[Stored records]

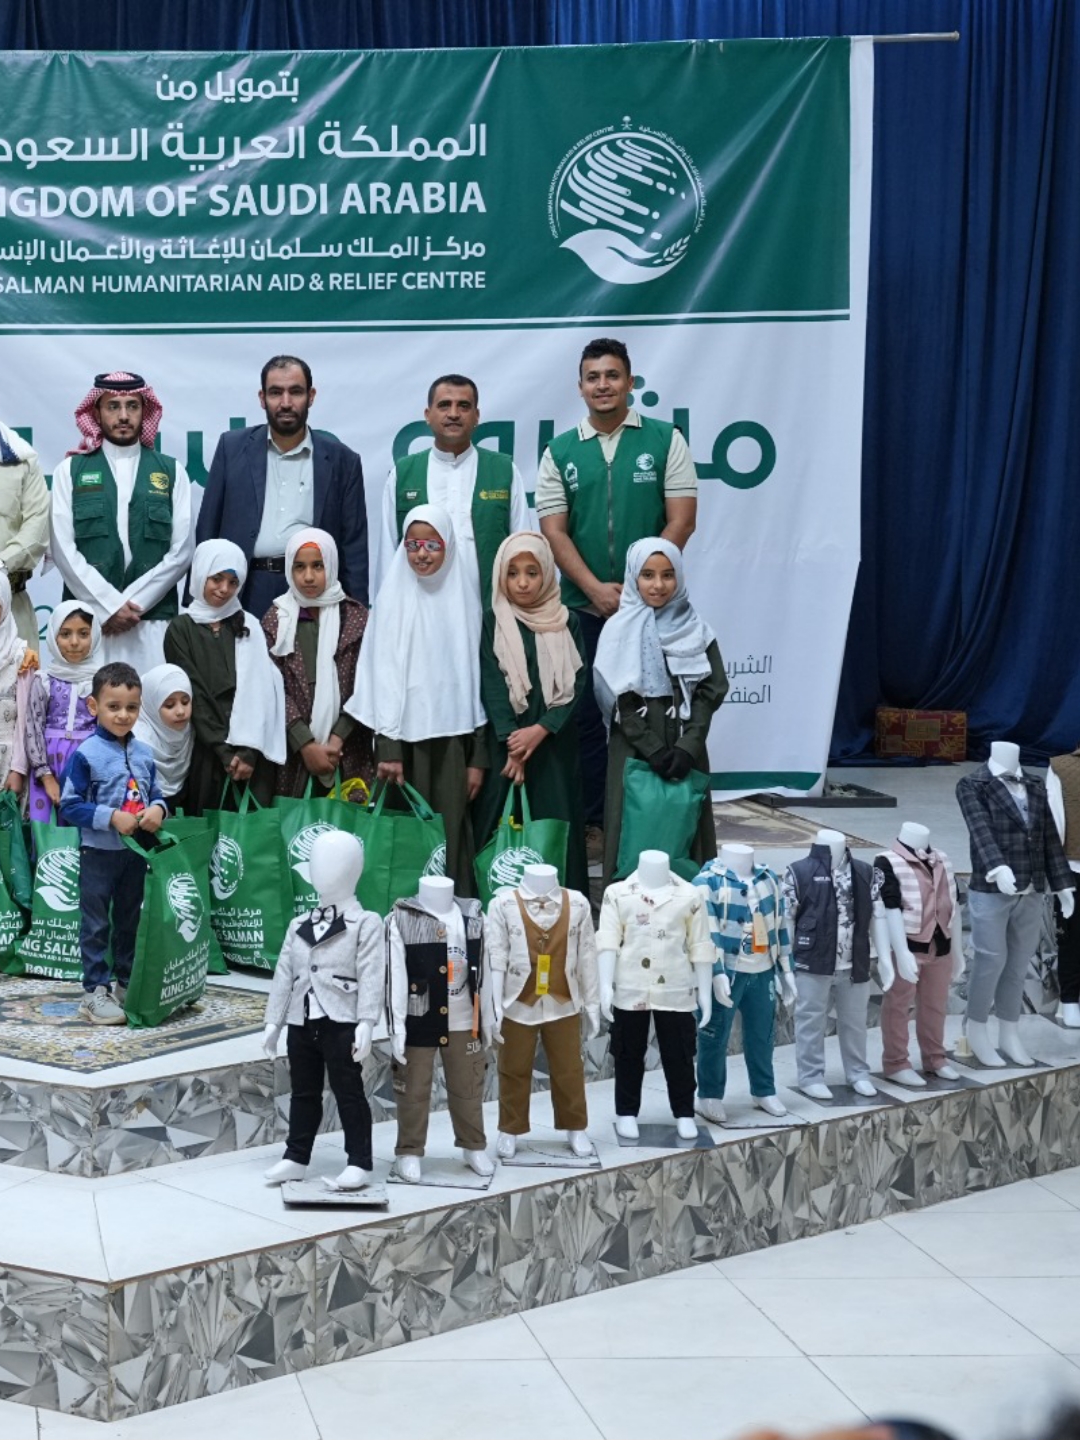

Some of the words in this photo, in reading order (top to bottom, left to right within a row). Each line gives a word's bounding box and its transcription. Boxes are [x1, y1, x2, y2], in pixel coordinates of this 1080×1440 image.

[156, 74, 198, 101] من
[205, 71, 299, 103] بتمويل
[161, 122, 306, 171] العربية
[318, 121, 487, 161] المملكة
[145, 185, 198, 217] OF
[208, 183, 329, 217] SAUDI
[339, 182, 487, 215] ARABIA
[50, 236, 155, 264] والأعمال
[160, 237, 246, 264] للإغاثة
[251, 237, 343, 261] سلمان
[347, 236, 419, 260] الملك
[422, 235, 486, 261] مركز
[92, 274, 262, 293] HUMANITARIAN
[268, 273, 305, 291] AID
[308, 273, 324, 291] &
[329, 272, 398, 290] RELIEF
[402, 271, 486, 289] CENTRE
[723, 684, 771, 704] المنف
[223, 930, 264, 943] SALMAN
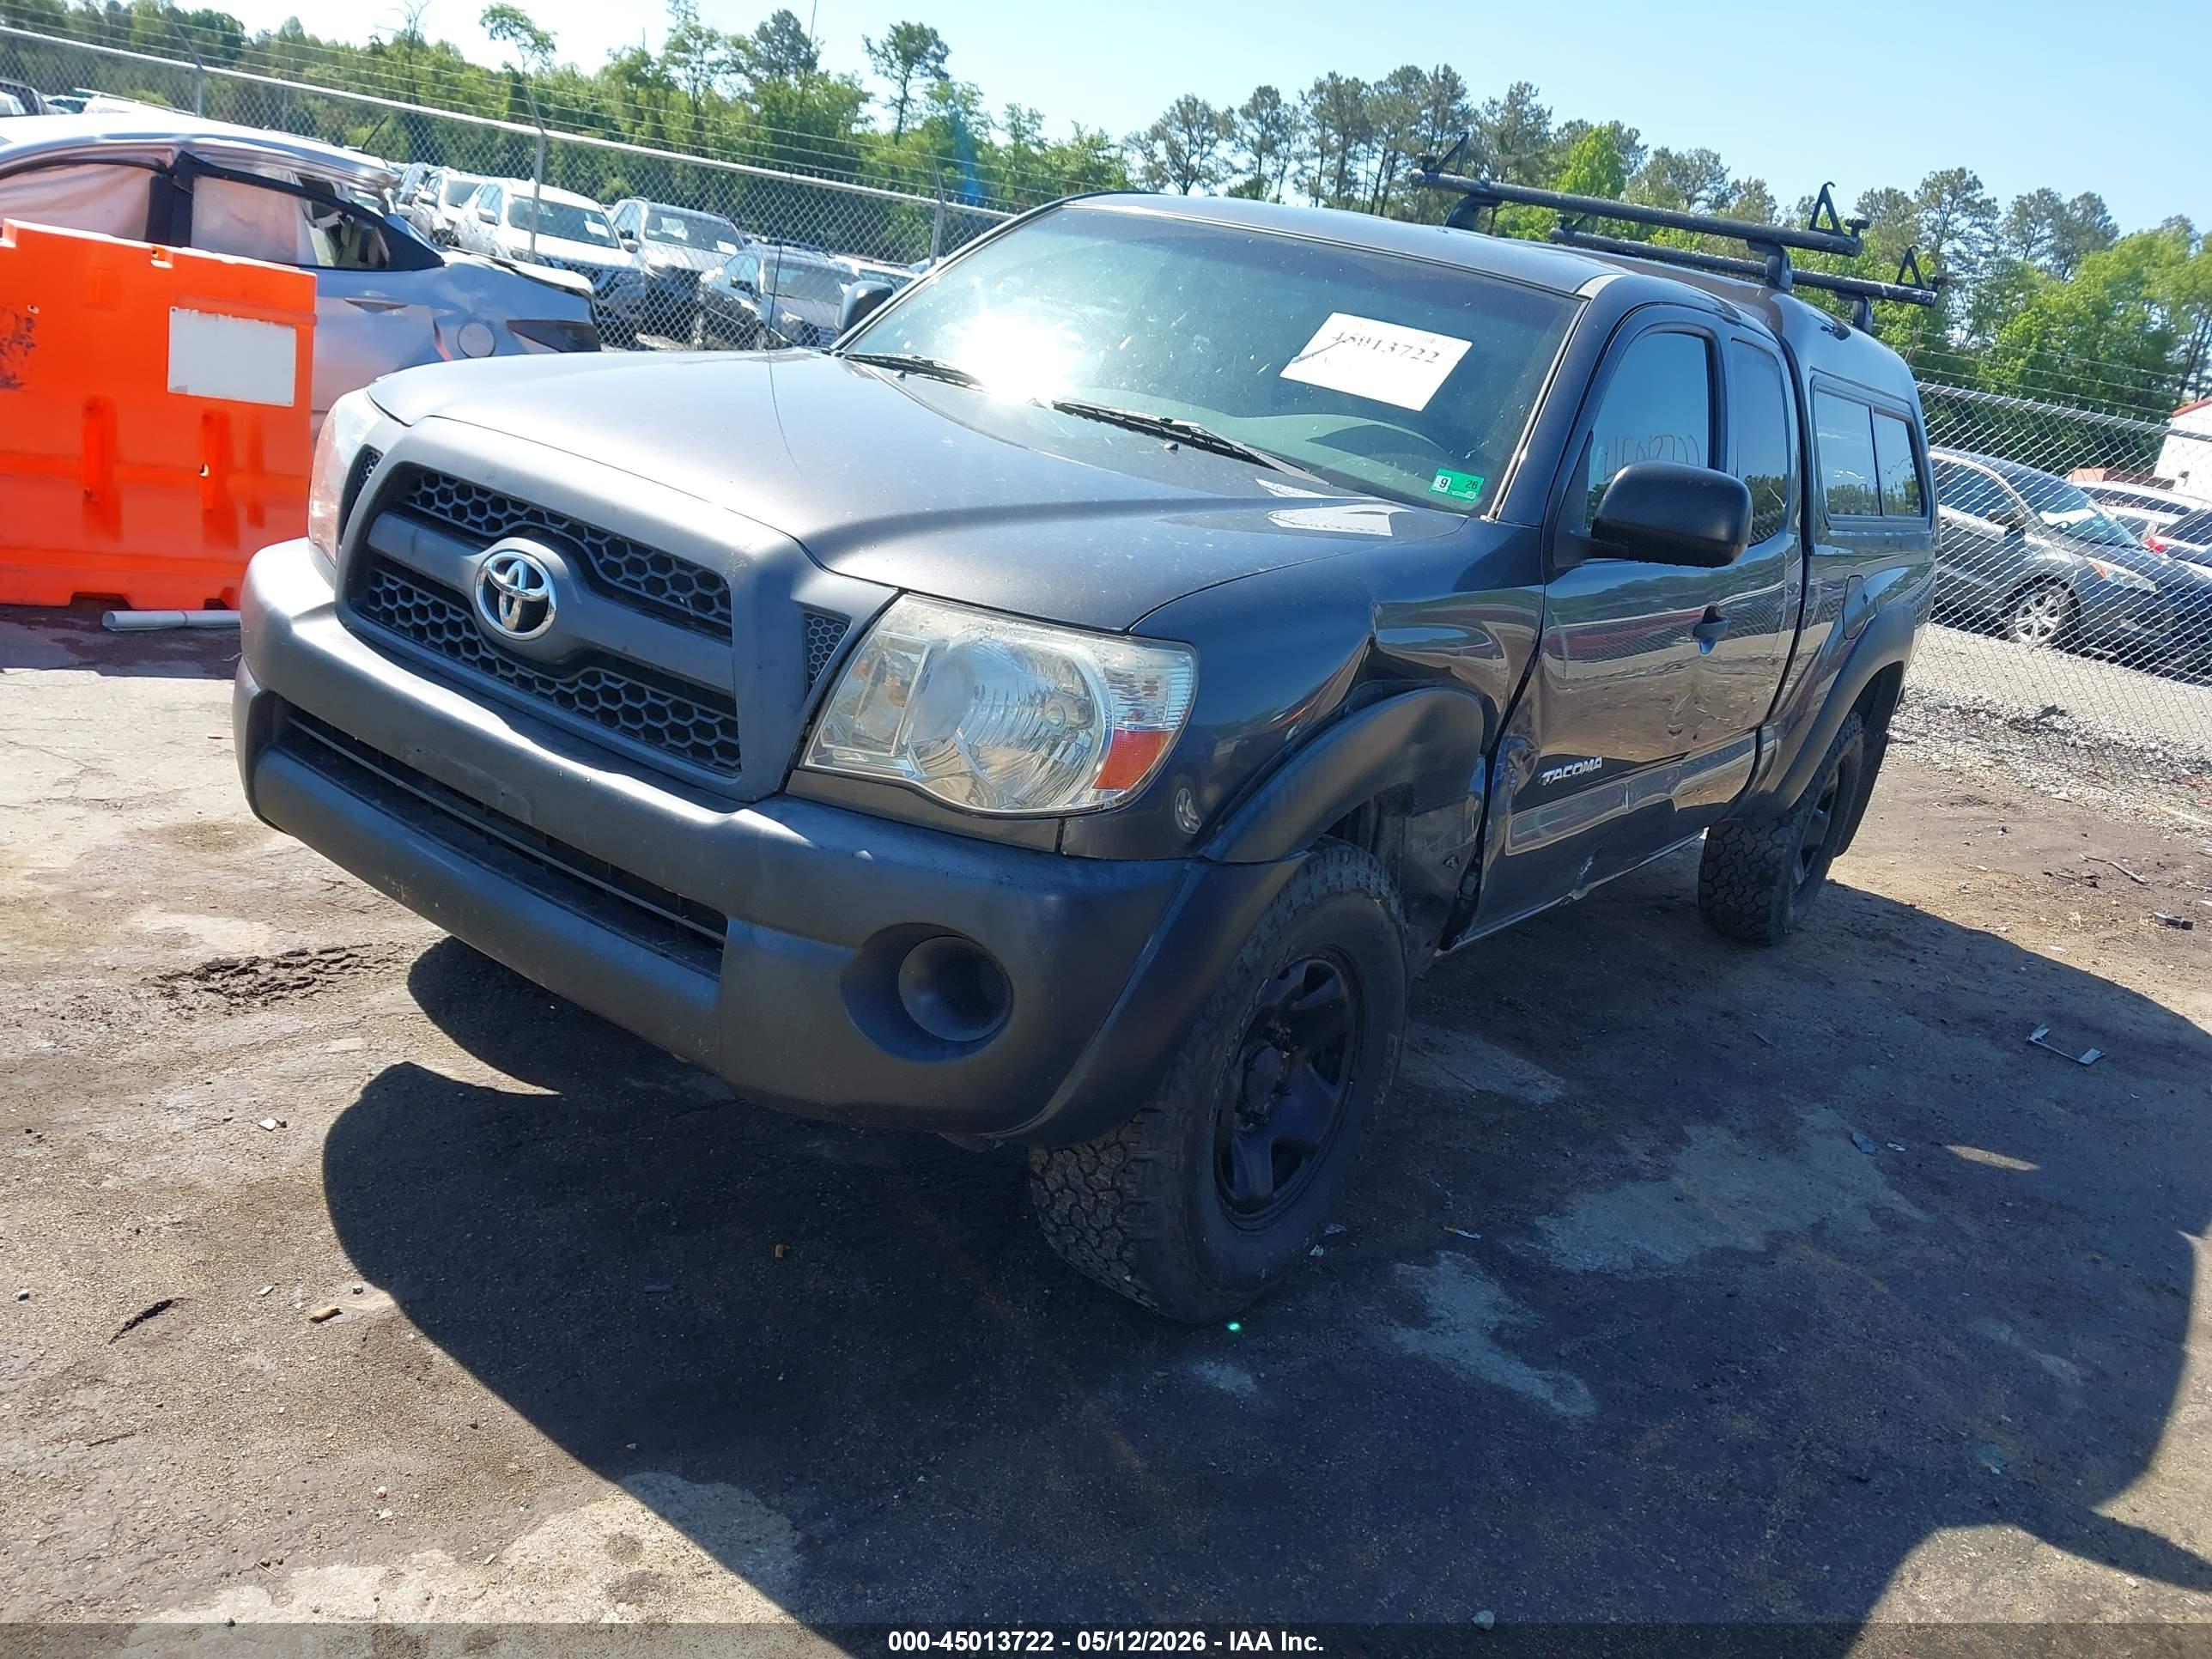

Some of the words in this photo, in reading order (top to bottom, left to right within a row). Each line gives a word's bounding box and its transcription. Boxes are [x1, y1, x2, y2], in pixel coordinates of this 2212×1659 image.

[1439, 477, 1449, 489] 9
[1466, 480, 1479, 489] 26
[1539, 757, 1602, 786] TACOMA
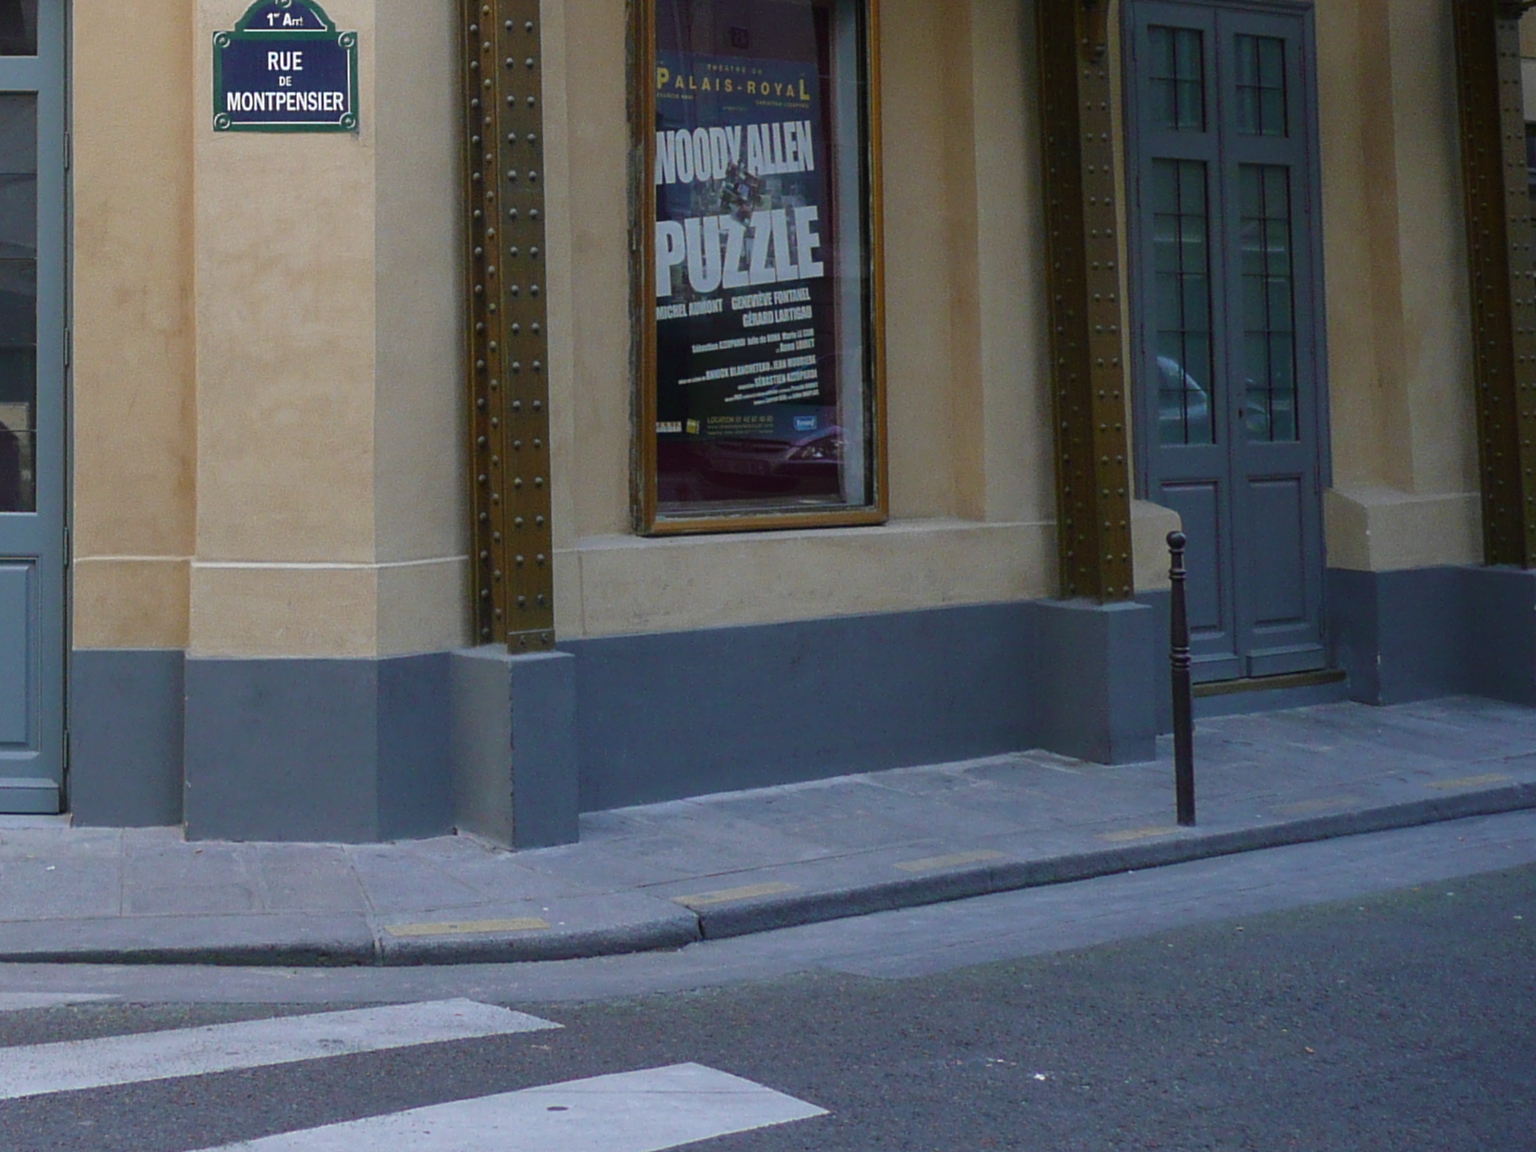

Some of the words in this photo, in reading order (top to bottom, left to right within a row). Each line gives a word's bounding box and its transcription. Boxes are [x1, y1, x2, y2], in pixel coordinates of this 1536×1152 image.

■ **TASK**: Could you please repeat the entries above exactly, with every picture left out?

■ **EXERCISE OUTPUT**:
Some of the words in this photo, in reading order (top to bottom, left to right within a row). Each line gives a word's bounding box and its transcription. Boxes are [x1, y1, x2, y2], in pixel coordinates of this 1080×1440 image.

[156, 74, 198, 101] من
[205, 71, 299, 103] بتمويل
[161, 122, 306, 171] العربية
[318, 121, 487, 161] المملكة
[145, 185, 198, 217] OF
[208, 183, 329, 217] SAUDI
[339, 182, 487, 215] ARABIA
[50, 236, 155, 264] والأعمال
[160, 237, 246, 264] للإغاثة
[251, 237, 343, 261] سلمان
[347, 236, 419, 260] الملك
[422, 235, 486, 261] مركز
[92, 274, 262, 293] HUMANITARIAN
[268, 273, 305, 291] AID
[308, 273, 324, 291] &
[329, 272, 398, 290] RELIEF
[402, 271, 486, 289] CENTRE
[723, 684, 771, 704] المنف
[223, 930, 264, 943] SALMAN

Some of the words in this photo, in reading order (top to bottom, left to right within a row). Each line gives a word's bounding box and its transcription. Boxes are [x1, y1, x2, y2], in pixel coordinates of this 2212×1659 image.

[1439, 477, 1449, 489] 9
[1466, 480, 1479, 489] 26
[1539, 757, 1602, 786] TACOMA

Some of the words in this photo, in reading order (top to bottom, left to right within a row). Each line gives a word's bounding box and its transcription. Boxes are [x1, y1, x2, y2], in pixel coordinates of this 1536×1152 image.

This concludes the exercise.